The petrophysical characterization of tight gas sands can be affected by clay minerals, gas adsorption, microfractures, and the presence of high-density minerals. In this study, we conducted various petrophysical, petrographic, and high-resolution image analyses on Saudi Arabian tight sand in order to understand how a complex pore system responds to measurement tools. About 140 plug samples extracted from six wells were subjected to routine core analyses including cleaning, drying, and porosity–permeability measurements. The porosity–permeability data was used to identify hydraulic flow units (HFU). In order to probe the factors contributing to the heterogeneity of this tight sand, 12 subsamples representing the different HFUs were selected for petrographic study and high-resolution image analysis using SEM, quantitative evaluation of minerals by scanning electron microscope (QEMSCAN), and micro-computed tomography (µCT). Nuclear magnetic resonance (NMR) and electrical resistivity measurements were also conducted on 56 subsamples representing various lithofacies. NMR porosity showed good agreement with other porosity measurements. The agreement was remarkable in specific lithofacies with porosity ranging from 0.1% to 7%. Above this range, significant scatters were seen between the porosity methods.

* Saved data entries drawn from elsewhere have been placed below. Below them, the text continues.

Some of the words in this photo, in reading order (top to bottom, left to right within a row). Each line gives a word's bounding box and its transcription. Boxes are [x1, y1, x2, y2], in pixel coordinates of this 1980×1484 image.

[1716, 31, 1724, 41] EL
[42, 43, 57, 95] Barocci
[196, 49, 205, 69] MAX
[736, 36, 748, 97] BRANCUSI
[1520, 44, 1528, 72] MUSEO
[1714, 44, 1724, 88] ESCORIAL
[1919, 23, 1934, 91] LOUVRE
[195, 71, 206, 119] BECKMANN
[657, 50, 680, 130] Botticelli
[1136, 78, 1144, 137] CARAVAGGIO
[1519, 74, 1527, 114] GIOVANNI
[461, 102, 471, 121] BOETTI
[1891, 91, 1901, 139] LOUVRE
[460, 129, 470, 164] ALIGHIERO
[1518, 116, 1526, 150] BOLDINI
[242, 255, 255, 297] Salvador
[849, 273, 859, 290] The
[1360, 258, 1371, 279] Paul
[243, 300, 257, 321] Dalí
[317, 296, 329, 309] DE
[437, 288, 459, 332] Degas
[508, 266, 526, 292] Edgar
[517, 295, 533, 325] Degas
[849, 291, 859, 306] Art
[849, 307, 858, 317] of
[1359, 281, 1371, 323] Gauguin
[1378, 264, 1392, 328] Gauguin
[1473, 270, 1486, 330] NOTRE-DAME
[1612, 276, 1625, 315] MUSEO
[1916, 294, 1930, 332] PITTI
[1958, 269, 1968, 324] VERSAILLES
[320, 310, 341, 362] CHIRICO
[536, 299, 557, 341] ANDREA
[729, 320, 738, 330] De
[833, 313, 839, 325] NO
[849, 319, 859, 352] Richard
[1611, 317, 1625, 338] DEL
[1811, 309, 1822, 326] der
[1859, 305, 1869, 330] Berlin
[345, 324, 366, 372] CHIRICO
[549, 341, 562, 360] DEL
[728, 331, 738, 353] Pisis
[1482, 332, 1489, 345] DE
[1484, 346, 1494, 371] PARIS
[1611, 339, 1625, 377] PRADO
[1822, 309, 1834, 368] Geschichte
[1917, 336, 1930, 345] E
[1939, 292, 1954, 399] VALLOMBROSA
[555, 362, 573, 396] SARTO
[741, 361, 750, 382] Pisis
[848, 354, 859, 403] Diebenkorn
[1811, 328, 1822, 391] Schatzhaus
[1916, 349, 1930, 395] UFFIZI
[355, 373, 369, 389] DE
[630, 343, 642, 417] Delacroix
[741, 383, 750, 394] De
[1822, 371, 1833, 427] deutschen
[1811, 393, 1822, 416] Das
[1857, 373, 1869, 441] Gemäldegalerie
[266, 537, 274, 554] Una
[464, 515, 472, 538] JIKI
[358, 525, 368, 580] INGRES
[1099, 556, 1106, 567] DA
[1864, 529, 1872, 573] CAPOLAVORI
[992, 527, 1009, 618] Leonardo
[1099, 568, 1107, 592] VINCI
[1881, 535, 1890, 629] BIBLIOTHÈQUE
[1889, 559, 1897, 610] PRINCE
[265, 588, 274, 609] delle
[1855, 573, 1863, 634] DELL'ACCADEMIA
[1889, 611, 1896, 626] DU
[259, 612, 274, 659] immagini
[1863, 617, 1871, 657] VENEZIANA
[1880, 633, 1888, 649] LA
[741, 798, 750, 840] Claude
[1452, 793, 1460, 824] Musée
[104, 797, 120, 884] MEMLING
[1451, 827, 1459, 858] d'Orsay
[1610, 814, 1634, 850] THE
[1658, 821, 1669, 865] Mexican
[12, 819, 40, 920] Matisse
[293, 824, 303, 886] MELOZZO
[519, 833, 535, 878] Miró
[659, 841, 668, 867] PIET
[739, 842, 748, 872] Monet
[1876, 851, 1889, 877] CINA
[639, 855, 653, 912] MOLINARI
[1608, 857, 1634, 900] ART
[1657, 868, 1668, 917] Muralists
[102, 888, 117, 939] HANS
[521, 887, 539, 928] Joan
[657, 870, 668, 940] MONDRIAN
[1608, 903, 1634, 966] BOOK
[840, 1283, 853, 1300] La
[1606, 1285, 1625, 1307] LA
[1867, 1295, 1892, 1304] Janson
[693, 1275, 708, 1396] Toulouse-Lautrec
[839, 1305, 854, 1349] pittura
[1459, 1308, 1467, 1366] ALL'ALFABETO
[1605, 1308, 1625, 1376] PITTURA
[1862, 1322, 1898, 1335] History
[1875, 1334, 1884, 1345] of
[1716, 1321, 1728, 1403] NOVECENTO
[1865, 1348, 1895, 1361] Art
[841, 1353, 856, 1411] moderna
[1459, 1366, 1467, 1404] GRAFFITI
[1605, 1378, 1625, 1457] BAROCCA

QEMSCAN results revealed that samples with <7% porosity contain a higher proportion of clay than those with porosity >7%, which are either microfractured or contain partially dissolved labile minerals. The NMR T2 profiles also showed that samples with porosity <7% are dominated by micropores while samples with porosity >7% are dominated by macropores. Analysis of the µCT images revealed that pore throat sizes may be responsible for the poor correlation between NMR porosity and other porosity methods. NMR permeability values estimated using the Shlumberger Doll Research (SDR) method are fairly correlated with helium permeability (with an R2 of 0.6). Electrical resistivity measurements showed that the different rock types fall on the same slope of the formation factors versus porosity, with a cementation factor of 1.5.

Suggested Citation

  • Abdulrauf R. Adebayo & Lamidi Babalola & Syed R. Hussaini & Abdullah Alqubalee & Rahul S. Babu, 2019. "Insight into the Pore Characteristics of a Saudi Arabian Tight Gas Sand Reservoir," Energies, MDPI, vol. 12(22), pages 1-27, November.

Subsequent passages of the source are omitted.